Liderar pelo exemplo!
Era Mário, era também Jorge, como eu sou. De família humilde, vivia nos subúrbios da sua cidade. Sempre simpático, o orgulho da família. Tinha uma namorada. Estudou ciências, ganhava uns trocos como segurança numa discoteca. Gostava muito de futebol. Adorava dançar tango. Era jovem, tinha sonhos!
Agora é Francisco. Continua humilde e vive com modéstia para quem é agora. Distribui simpatia e ensina a caridade e tolerância pelo mundo. Da ciência herdou a defesa do ambiente. Continua a gostar de tango e tornou-se o ídolo do seu clube de futebol.

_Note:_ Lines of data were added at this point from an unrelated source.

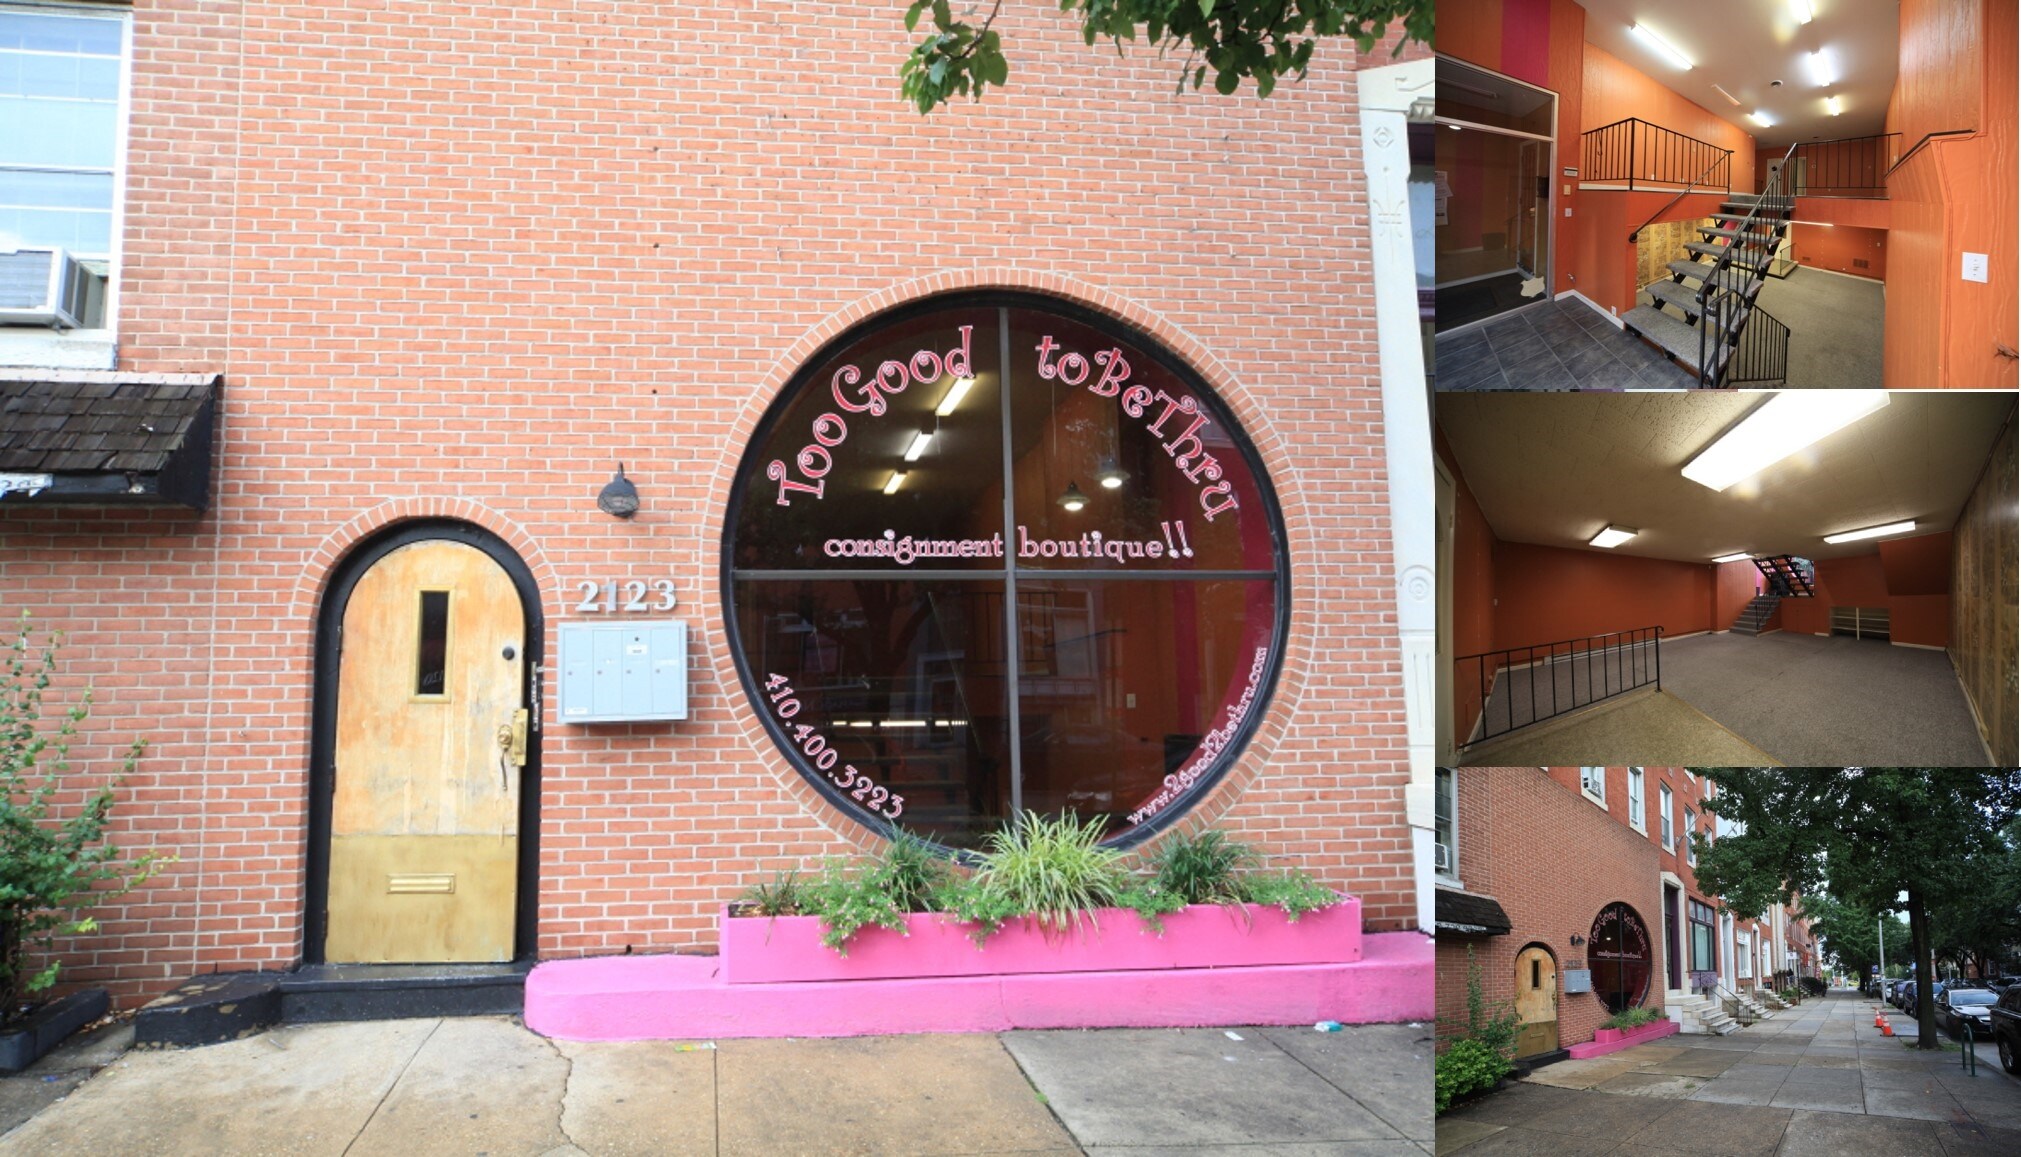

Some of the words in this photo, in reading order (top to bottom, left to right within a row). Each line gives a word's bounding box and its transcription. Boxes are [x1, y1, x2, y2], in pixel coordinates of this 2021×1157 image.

[823, 529, 1004, 565] consignment
[1017, 520, 1194, 564] boutique!!
[575, 579, 677, 612] 2123
[764, 672, 905, 819] 410.400.3223
[1126, 646, 1268, 826] www.2good2bethru.com

Já passou há muito a juventude, mas continua a sonhar!
O que mudou?
O Papa encontrou a vocação aos 17 anos. Diz que a descobriu ao confessar-se a um padre já em fim de vida, com quem depois conversou. Com espírito de missão, quis ser jesuíta. E quis seguir o exemplo de Francisco de Assis, patrono dos animais.

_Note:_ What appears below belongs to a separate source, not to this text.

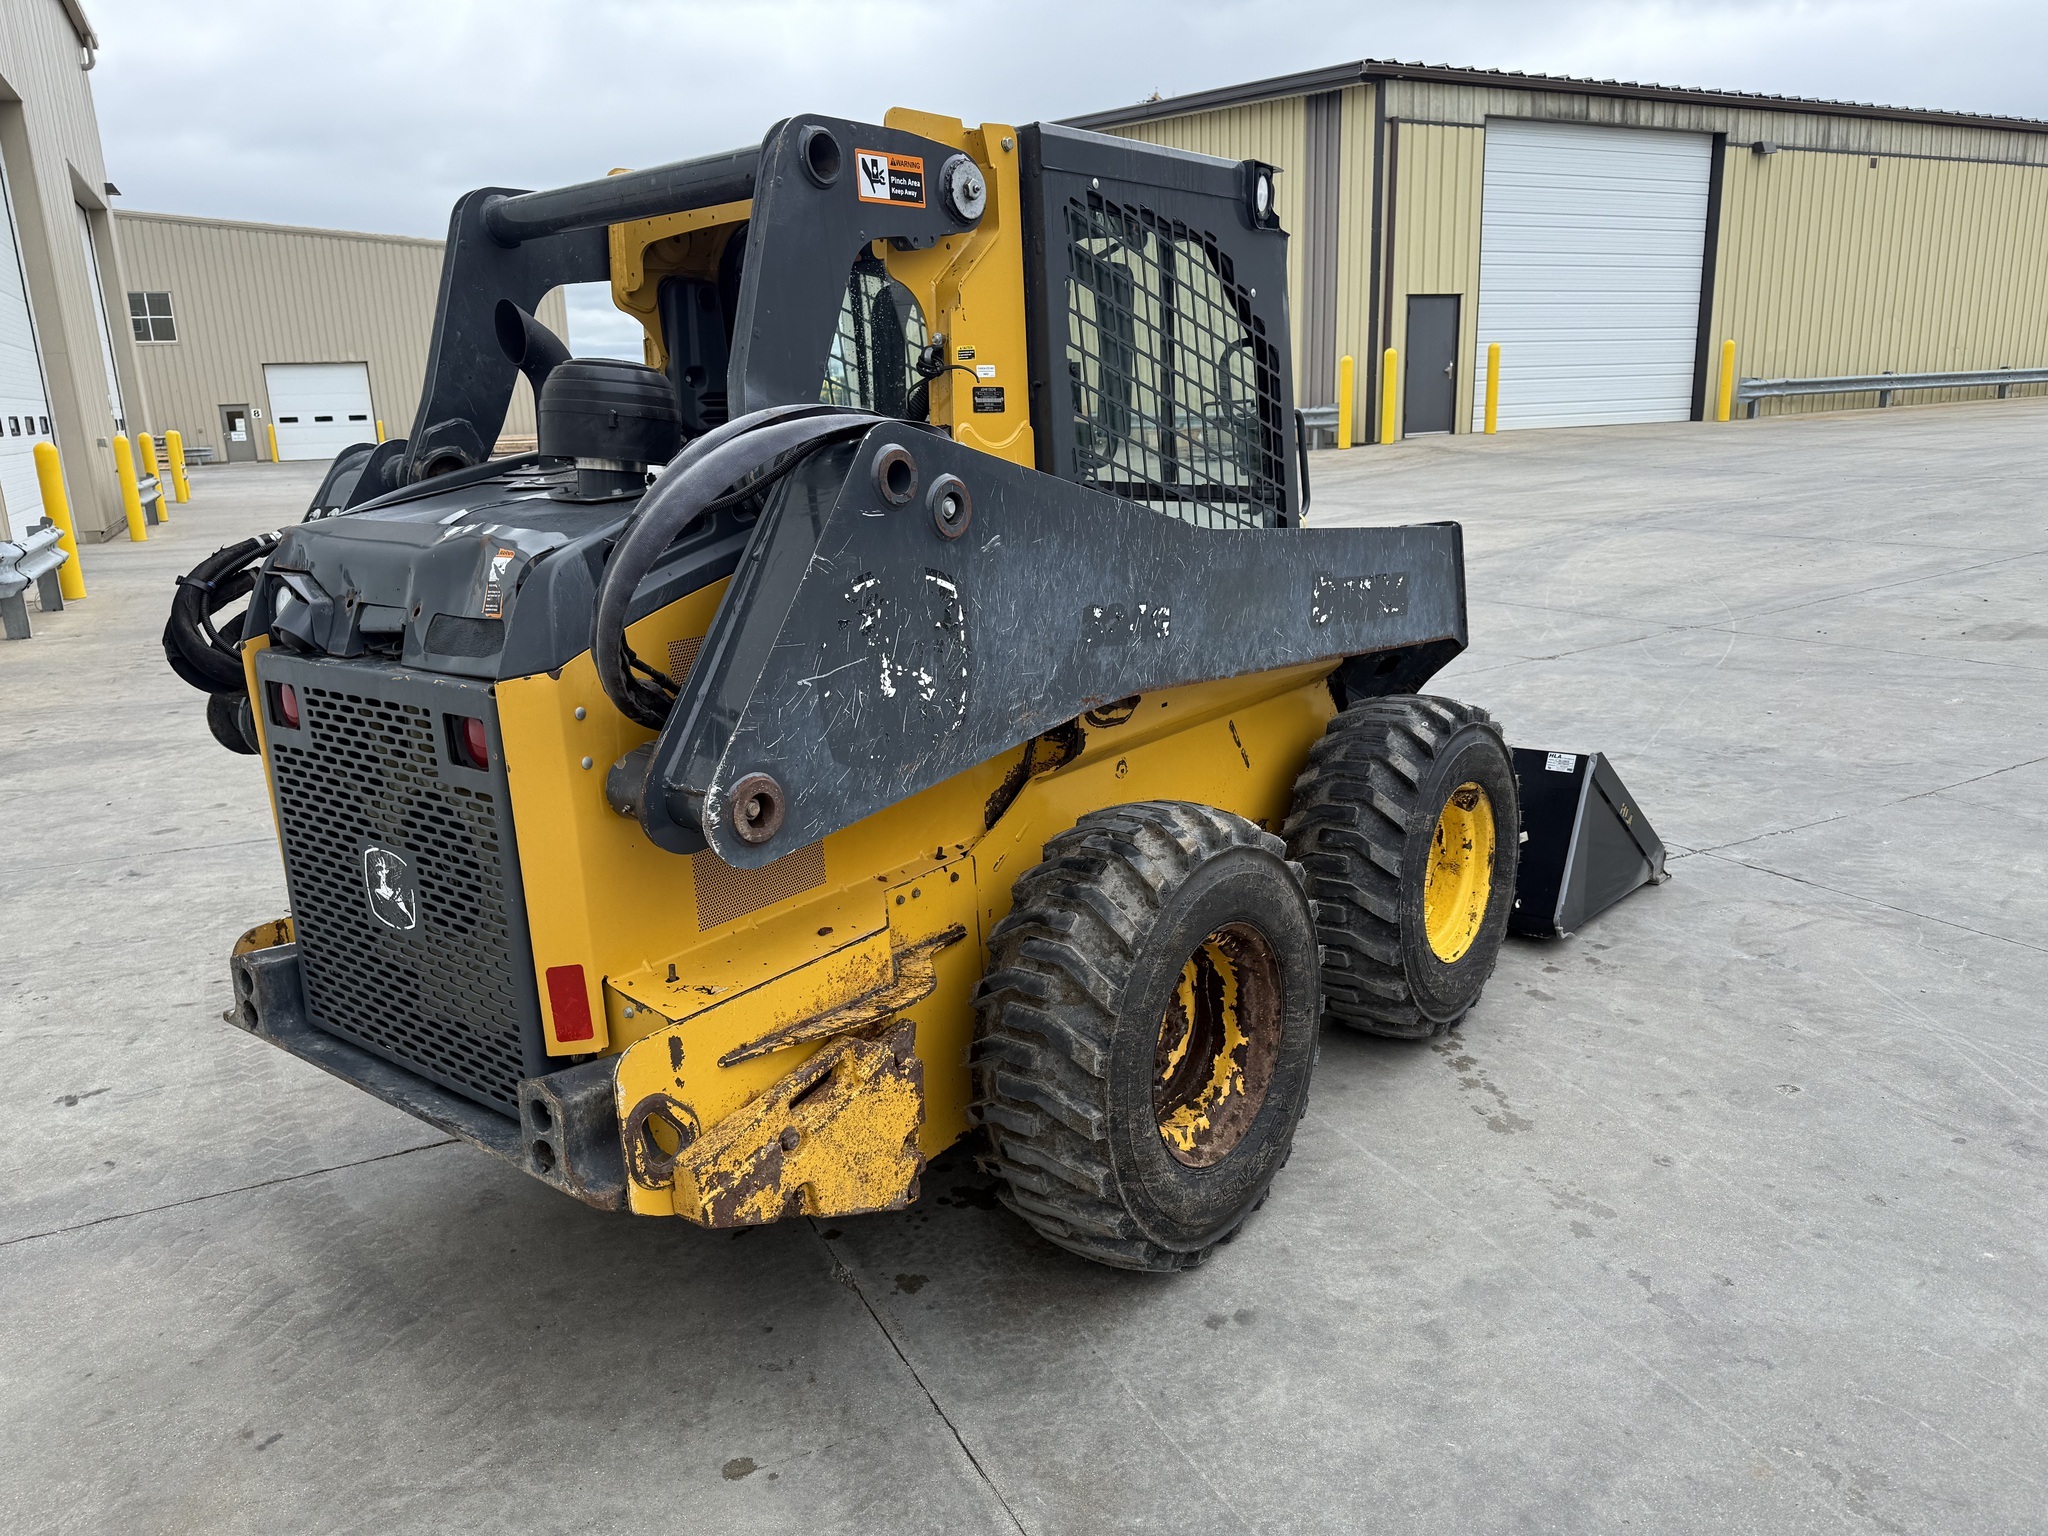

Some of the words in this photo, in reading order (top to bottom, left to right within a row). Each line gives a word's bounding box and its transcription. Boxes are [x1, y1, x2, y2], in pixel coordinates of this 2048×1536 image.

Foi apanhado no fogo cruzado das trincheiras da luta ideológica. Ultrapassou pela direita, e com inteligência, a Teologia da Libertação, que propunha uma igreja revolucionária na América Latina. Criticado por não ter condenado as ditaduras militares fascistas do seu tempo, no entanto, ridicularizou o modelo social por elas proposto e ajudou os padres perseguidos. Não foi revolucionário, mas semeou muitas perguntas difíceis neste continente americano inundado de crises sociais.
Quis “pôr o dedo nas feridas” e teve a crítica feroz do poder instalado do seu país. Acusado de, como arcebispo de Buenos Aires, ser o líder da oposição, dizia sempre “ao enfrentares o escárnio, escolhe o silêncio”, uma escolha que só alguns têm coragem de assumir. A facilidade de perdoar e a inteligência emocional são as suas ferramentas mais úteis.

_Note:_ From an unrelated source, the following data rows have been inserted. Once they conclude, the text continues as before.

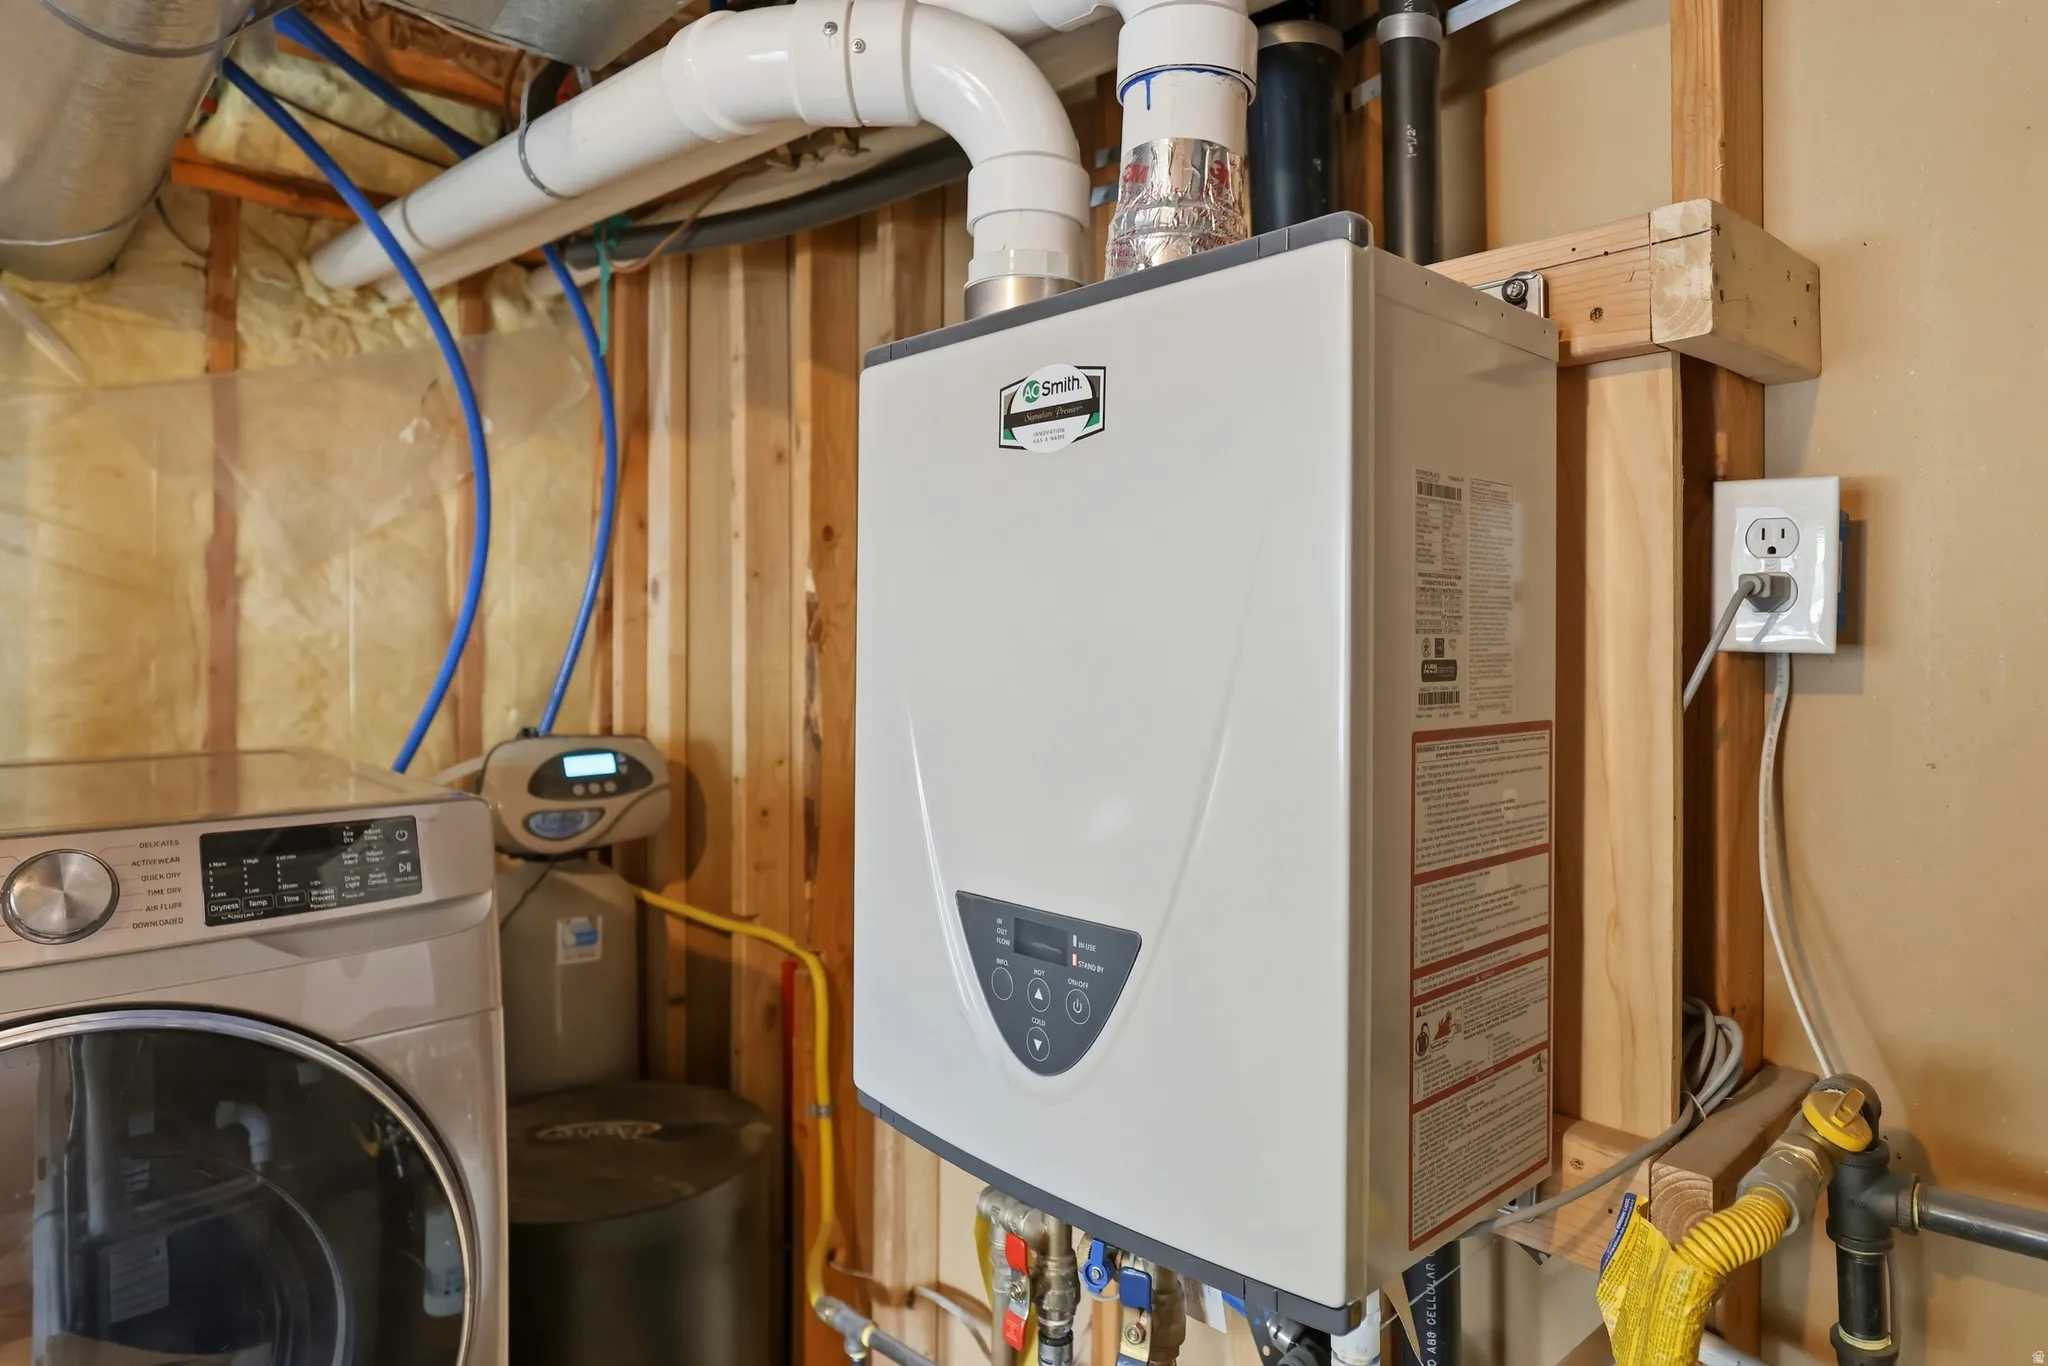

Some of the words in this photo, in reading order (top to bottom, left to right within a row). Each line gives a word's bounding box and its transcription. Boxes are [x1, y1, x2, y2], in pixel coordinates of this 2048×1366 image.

[1123, 164, 1150, 184] 3M
[1032, 427, 1066, 437] INNOVATION
[138, 840, 180, 849] DELICATES
[131, 856, 181, 868] ACTIVEWEAR
[140, 874, 165, 882] QUICK
[166, 872, 181, 880] DRY
[147, 888, 165, 897] TIME
[166, 887, 182, 895] DRY
[283, 894, 300, 903] Time
[311, 894, 335, 902] Prevent
[145, 904, 159, 912] AIR
[160, 902, 183, 911] FLUFF
[210, 902, 239, 912] Dryness
[132, 917, 184, 930] DOWNLOADED
[996, 926, 1008, 936] OUT
[996, 936, 1011, 947] FLOW
[1078, 941, 1085, 950] IN
[1085, 943, 1097, 953] USE
[1078, 960, 1096, 972] STAND
[1096, 965, 1105, 974] BY
[1033, 968, 1046, 977] HOT
[1031, 1016, 1046, 1027] COLD
[1425, 1262, 1438, 1326] CELLULAR

Para quem conhece a Argentina, na sua vastidão, assimetrias e oportunidades perdidas, reconhece que Francisco é um filho dos seus problemas e soluções. Ele alerta que o lado da estrada onde estão os pobres fica invisível para muitos. Diz que a Igreja tem de marcar presença nas “fronteiras” do debate social. E não hesitar em pisar o chão sujo, molhado e com sangue. A maioria dos católicos vive hoje em terras de pobreza e insegurança, seja em África, na Ásia ou na América Latina.
Captado em jovem pelo poder da confissão, quis Francisco que a sua Igreja confessasse os pecados cometidos e a Igreja tem feito o “mea-culpa” nos sete pecados capitais criados pelo Papa Gregório I no século VI. Há quem faça o seguinte exercício, sem nenhuma ponta de blasfémia: preguiça: não se conhece; gula: alguns papas não se coibiram dos grandes banquetes; avareza: a Igreja é detentora de uma enorme riqueza, alguma obtida pelos séculos de forma questionável; inveja: a luta por cargos de topo dentro da Igreja por vezes acontece; ira: pontualmente, vozes do Vaticano deixaram escapar esse sentimento; soberba: destacados membros da Igreja, por vezes, não ficam nada a dever à humildade; luxúria: no início do cristianismo os padres podiam casar e ter filhos, o celibato só surgiu depois.
O Papa que “chora e que ri com a Humanidade” não se tem furtado a carregar a cruz dos pecados da Igreja. Mas tem-no feito com o alívio do “perdão” que já pediu publicamente várias vezes. E ao fazê-lo, fortaleceu a própria igreja católica. Pelos abusos sexuais, físicos e espirituais. Pelo encobrimento desses crimes. Pelo mal contra os povos indígenas do Canadá. Pela escravatura e violência.
Depois do foco no valor da Fé do Papa teólogo Bento XVI; depois de João Paulo II ter aberto à Igreja a “cortina de ferro”, de lançar as Jornadas Mundiais da Juventude, de valorar a oração e o culto de Maria; depois de João XXIII ter mudado as “vestes da igreja” e ser o Papa da “transição”, é lícito perguntar, qual será o legado de Francisco?
Como disse uma jovem na TV sobre as jornadas da juventude, “É uma loucura…Queria também cantar, mas não sabia a língua…, mas a energia estava lá!” E é esta energia que Francisco transmite com naturalidade. O legado para uma Igreja por vezes desvirtuosa é o seu próprio exemplo pessoal. E o legado para o Mundo, é ser um exemplo a seguir.